I think the advice to “pick your battles” reflects the notion that teenagers will challenge the limits set and the consequences delivered. There can be no battle if you are not willing to argue. If you can stay calm, offer choices, repeat them calmly and walk away, then there will be no battle (just an outraged teenager trying to engage you in one).

Often, choices can help alleviate the need to pick your battles. For example, if you want your teen to come home at midnight and you believe it will be a battle, simply say, “Tonight are you coming home at 11:30 or 12. Either works for me.” If you are okay with them being on Facebook for an hour say, “I know you have some homework to finish, so will you choose to be on Facebook for 30 minutes or an hour tonight?”

What if parents impose rules that deviate from the community norm?
You are the safety keeper of your teen. Safety – physical, emotional, academic, social and financial – should always be at the core of your decision-making. No other person knows your teen better than you.

The boundaries and consequences you create with love for your child will yield positive results. If you create boundaries and set consequences as a team, you will minimize your frustration, regardless of the boundaries. If, on the other hand, you dictate what your teen must do, you model “bullying” qualities. Your teen will respond by becoming completely submissive or rebelling. Either trait results in the teen not using the problem-solving brain state. When we have “obedient” children, they are generally doing it “because we say so.” The potential problem is that as they grow up, they will easily become obedient to peers. This is sometimes referred to as caving into peer pressure. In many cases, parents say to their teens, “What were you thinking, would you jump off a bridge if they told you?” If you do not actively engage your teen in the problem-solving process of setting boundaries within your home, your teen’s response to this could be, “I was not thinking because you did not teach me to think, you taught me to obey. I’m just choosing not to obey you now; I’m obeying my peers.” Sharing power with your teen does not mean you’re lenient. It simply means you are teaching and modeling how to manage all the opportunities life offers together.

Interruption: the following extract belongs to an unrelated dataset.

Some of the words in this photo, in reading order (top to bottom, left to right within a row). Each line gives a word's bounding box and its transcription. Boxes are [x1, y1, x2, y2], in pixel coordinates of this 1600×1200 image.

Many people feel teens are going to test some risky behavior anyway, so should parents create safe environments for the testing? Does that condone the behavior?  This seems like a personal value question. The law states that it is illegal to drive alone at 15-years-old, drink before 21-years-old, text while driving, etc. If you choose to break the law and allow the behavior, it is difficult for a teen to understand which laws to obey and disobey. There are many ways to teach impulse control to your child without allowing them to drink before the legal age. This skill set is the same as the one that helps you restrain yourself from becoming overindulgent with shopping, food, video games, etc. The science of the brain explains that impulse control is not attained through stamina training. Impulse control and decision-making skills are acquired through healthy prefrontal lobe development.

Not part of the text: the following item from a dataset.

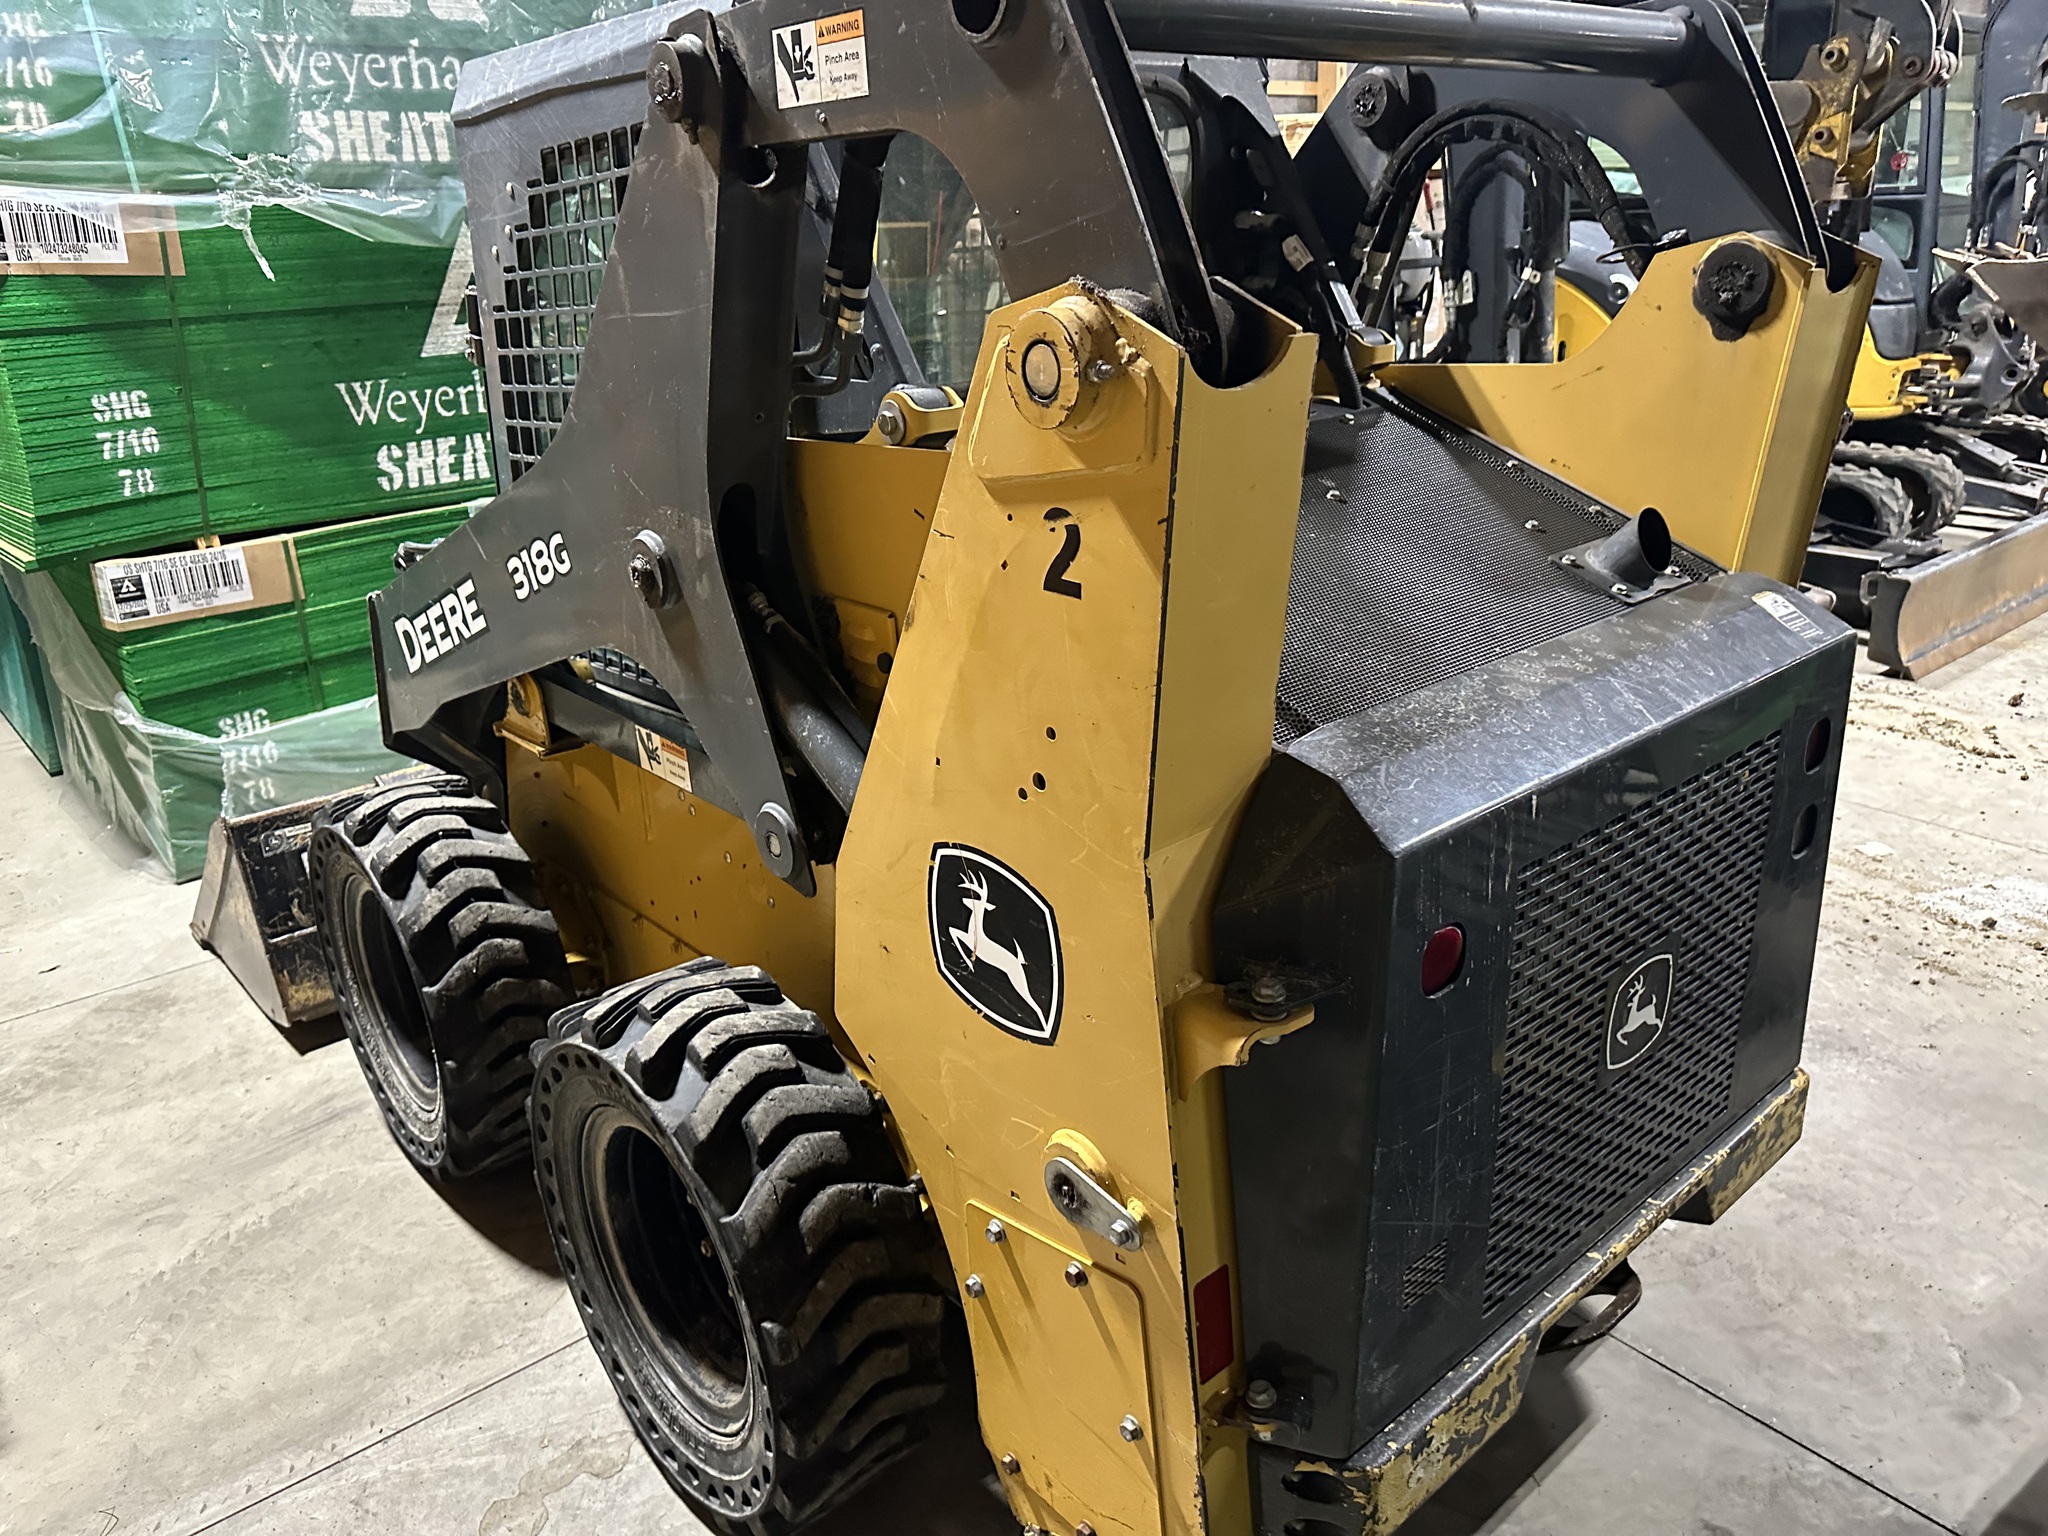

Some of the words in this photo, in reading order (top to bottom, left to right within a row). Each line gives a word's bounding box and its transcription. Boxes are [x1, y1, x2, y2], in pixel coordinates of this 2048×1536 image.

Also see the Setting Limits Without Guilt audio lecture, available at www.ConsciousDiscipline.com

Comments (2)

  1. E. Torma says:

    It makes good sense and gets to the heart of the teenager/parent relationship. I hope many teens read this and share with their parents. And parents read and share with their teenagers!

  2. K. Martin says:

    I’m afraid I’m too guilty of over-reacting during stressful conversations. This article has some great common-sense suggestions for getting through those heated times.